Dr. Li’s research focus on translational preventive oncology integrating population with genomics/epigenetics. As Associate Director for Prevention Research at Case CCC, Dr. Li oversees research that cuts across all aspects of population sciences ranging from epidemiology and behavioral sciences to genomics and prevention. He is the contact PI (MPI) of the Case CCC Cancer Disparities SPORE P20 program recently funded by the National Cancer Institute. He founded the Clinical Translational Science PhD program at CWRU in 2015. He is also director of the Case-China Health Initiative, a program established in 2010 that promotes medical student exchange between CWRU School of Medicine and major Chinese Universities, and trains family and community physicians in China. He is director-at-large of American Society of Preventive Oncology (ASPO), and editor-in-chief of Family Medicine and Community Health, an international journal published by BMJ.
Charles Helsper is an MD and clinical epidemiologist, with a background in primary care. He leads research projects concerning the role of the GP in cancer care and is based in the Julius Center for Health Sciences and Primary Care, which is part of the University Medical Centre (UMC) Utrecht, the Netherlands. He is also a teacher in the GP faculty training Utrecht and in the advisory board of The Healthcare Innovation Center (THINC.), which focuses on increasing impact of health care innovations, using innovative research methodology .

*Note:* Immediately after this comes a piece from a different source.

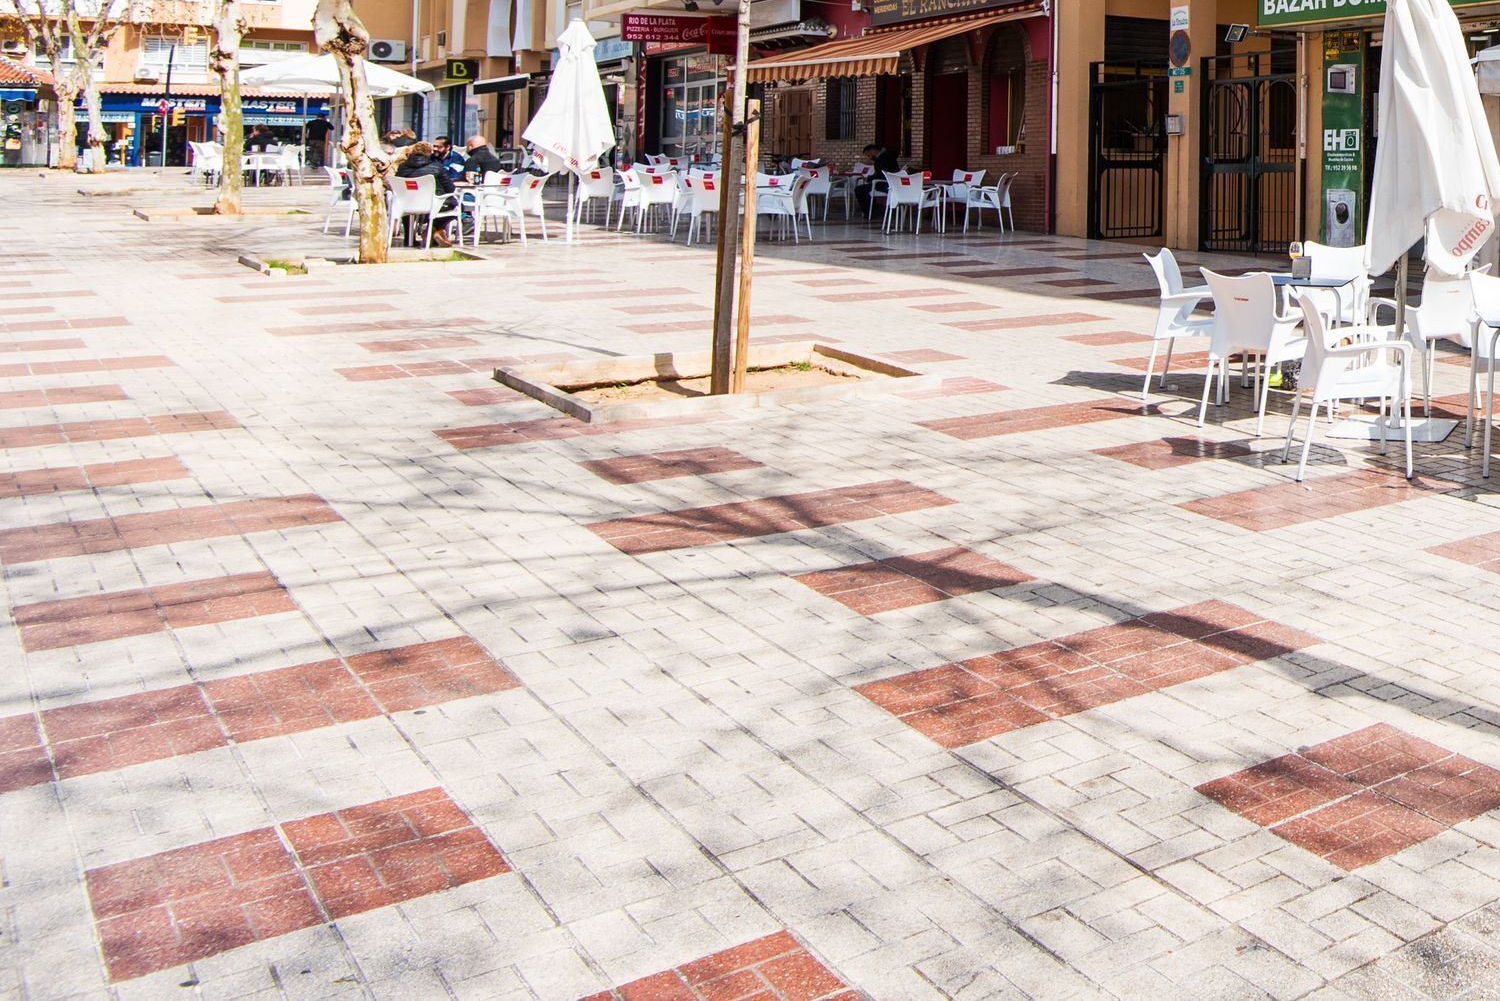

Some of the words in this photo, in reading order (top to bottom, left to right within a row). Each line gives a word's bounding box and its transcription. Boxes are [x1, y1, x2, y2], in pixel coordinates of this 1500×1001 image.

[628, 17, 639, 25] RIO
[640, 17, 648, 25] DE
[650, 17, 657, 25] LA
[658, 17, 676, 25] PLATA

His research addresses the role of the GP in cancer care, including case finding of those at high risk of cancer, optimizing the diagnostic pathway, support for shared decision after diagnosis, and guidance during- and after treatment. To attain a comprehensive perspective of the role of the GP in cancer care, with a focus on clinical impact, several methodologic approaches are used, including; randomised controlled trials, big data analysis, qualitative methods, implementation research.Content
Dr Rosalind Adam is a Clinical Lecturer within the Institute of Applied Health Sciences, University of Aberdeen. She graduated from University of Glasgow in 2005, and completed General Practice training in Southeast Scotland. Dr Adam practices as a General Practitioner in Aberdeen. She was awarded a Chief Scientist Office Clinical Academic Fellowship between 2014-2017. During her PhD she designed and developed "Can-Pain", an app to help patients to manage cancer pain.